Copy the data below exactly, omitting any picture it contains.

-------- Record excerpts

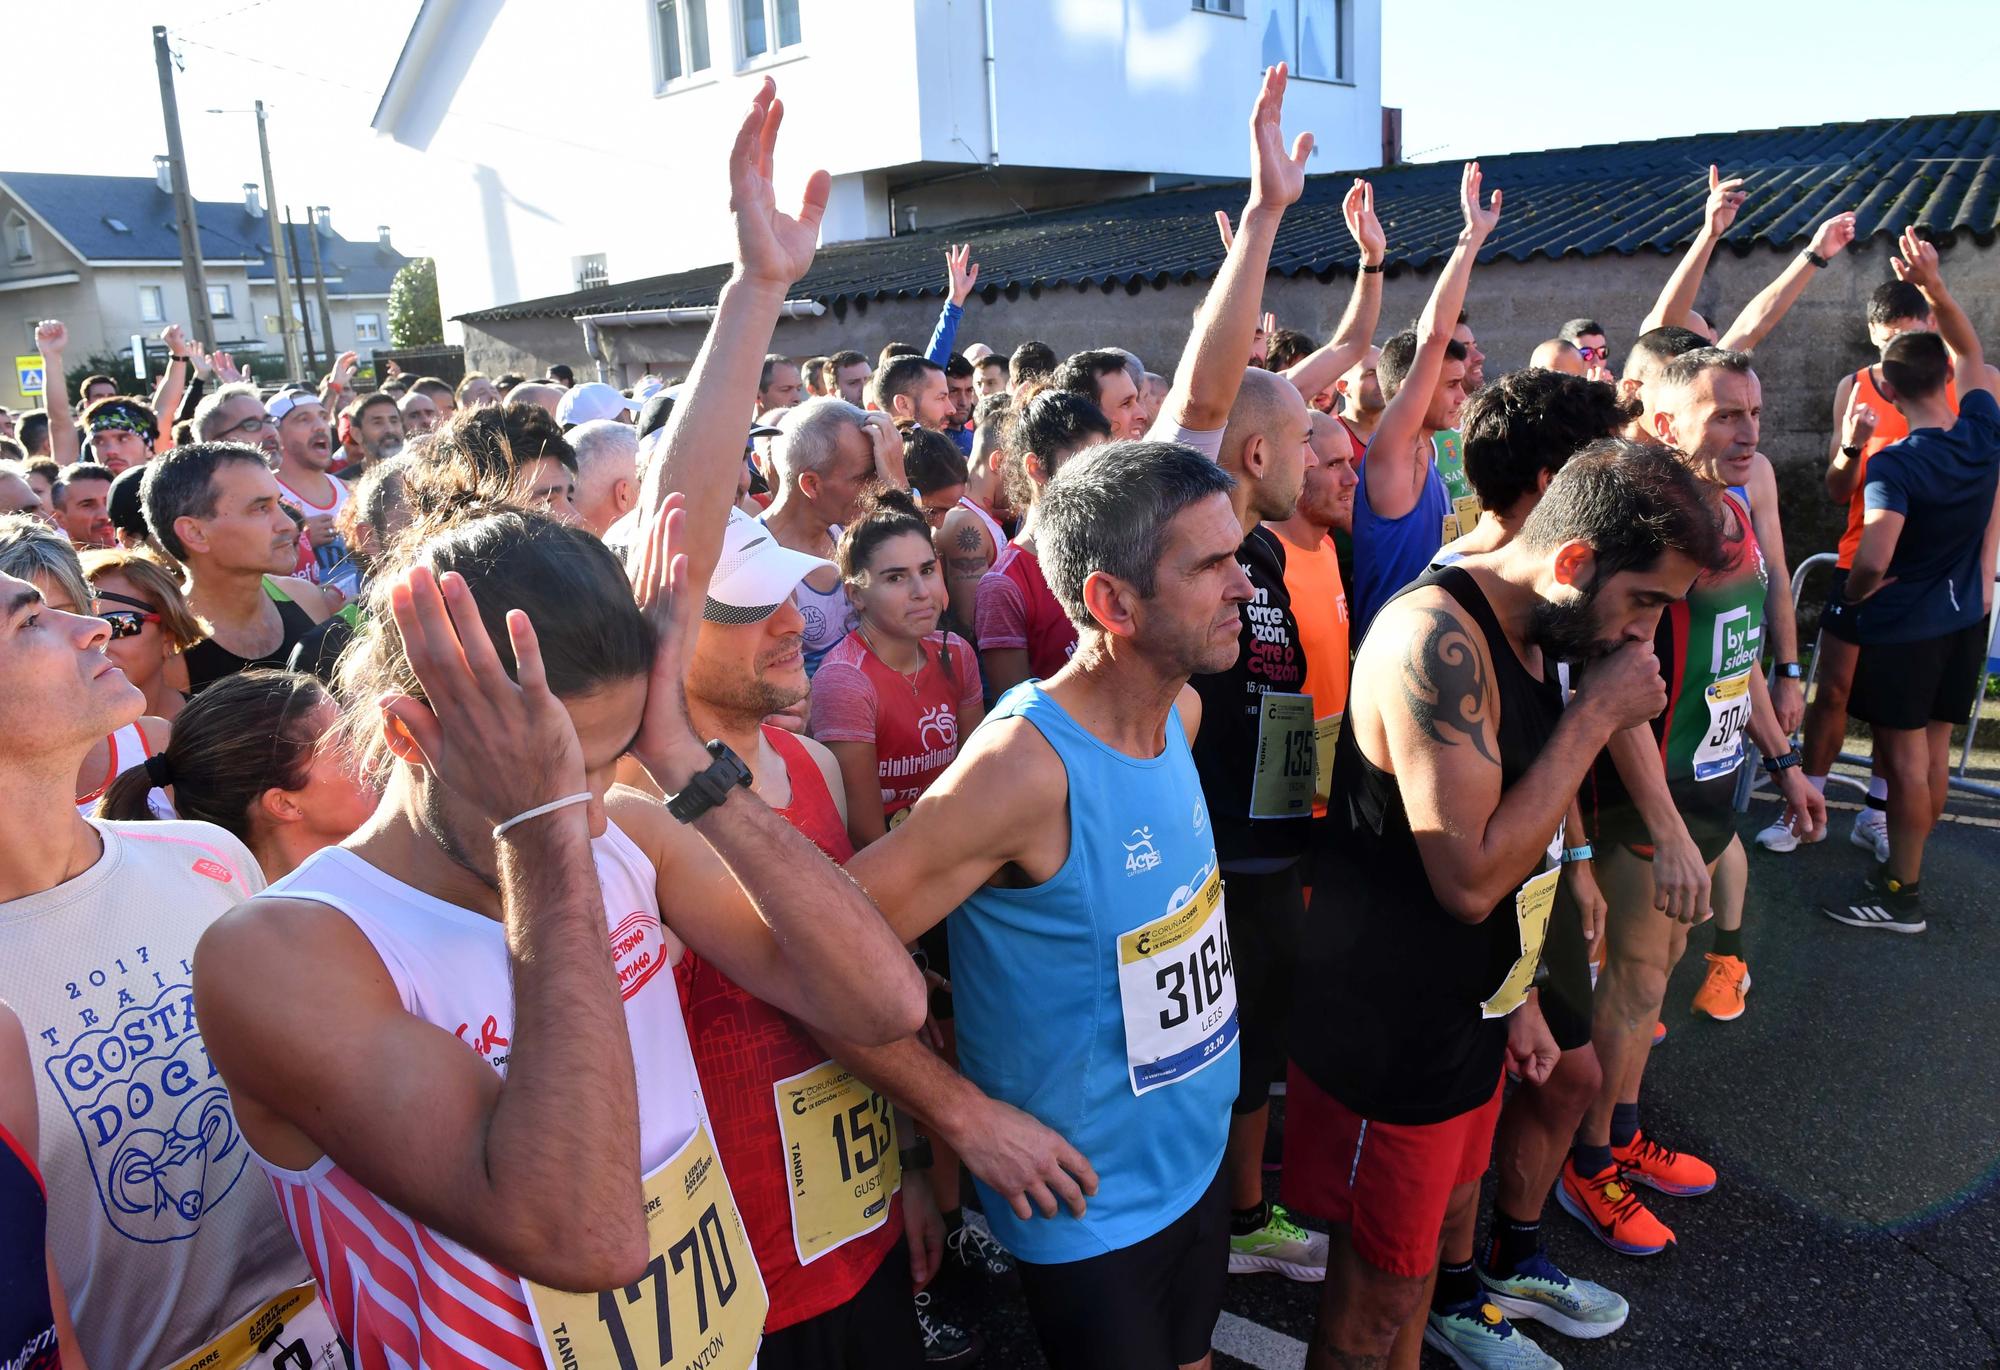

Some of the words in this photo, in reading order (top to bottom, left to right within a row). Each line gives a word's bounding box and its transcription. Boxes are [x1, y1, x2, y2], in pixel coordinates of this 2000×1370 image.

[1727, 628, 1745, 651] by
[65, 946, 149, 1000] 2017
[1156, 920, 1232, 1029] 3164
[40, 959, 194, 1047] TRAIL
[1202, 1006, 1223, 1031] LEIS
[1203, 1034, 1224, 1056] 23.10
[688, 1157, 703, 1178] XENTE
[792, 1142, 804, 1188] TANDA
[797, 1189, 805, 1197] 1
[598, 1203, 738, 1370] 1770
[249, 1325, 255, 1335] A
[256, 1304, 279, 1326] XENTE
[250, 1324, 266, 1341] DOS
[266, 1295, 300, 1325] BARRIOS

----------------

▸ **Problem solution**:
Some of the words in this photo, in reading order (top to bottom, left to right within a row). Each line gives a word's bounding box and its transcription. Boxes are [x1, y1, x2, y2], in pixel coordinates of this 2000×1370 image.

[1727, 628, 1745, 651] by
[65, 946, 149, 1000] 2017
[1156, 920, 1232, 1029] 3164
[40, 959, 194, 1047] TRAIL
[1202, 1006, 1223, 1031] LEIS
[1203, 1034, 1224, 1056] 23.10
[688, 1157, 703, 1178] XENTE
[792, 1142, 804, 1188] TANDA
[797, 1189, 805, 1197] 1
[598, 1203, 738, 1370] 1770
[249, 1325, 255, 1335] A
[256, 1304, 279, 1326] XENTE
[250, 1324, 266, 1341] DOS
[266, 1295, 300, 1325] BARRIOS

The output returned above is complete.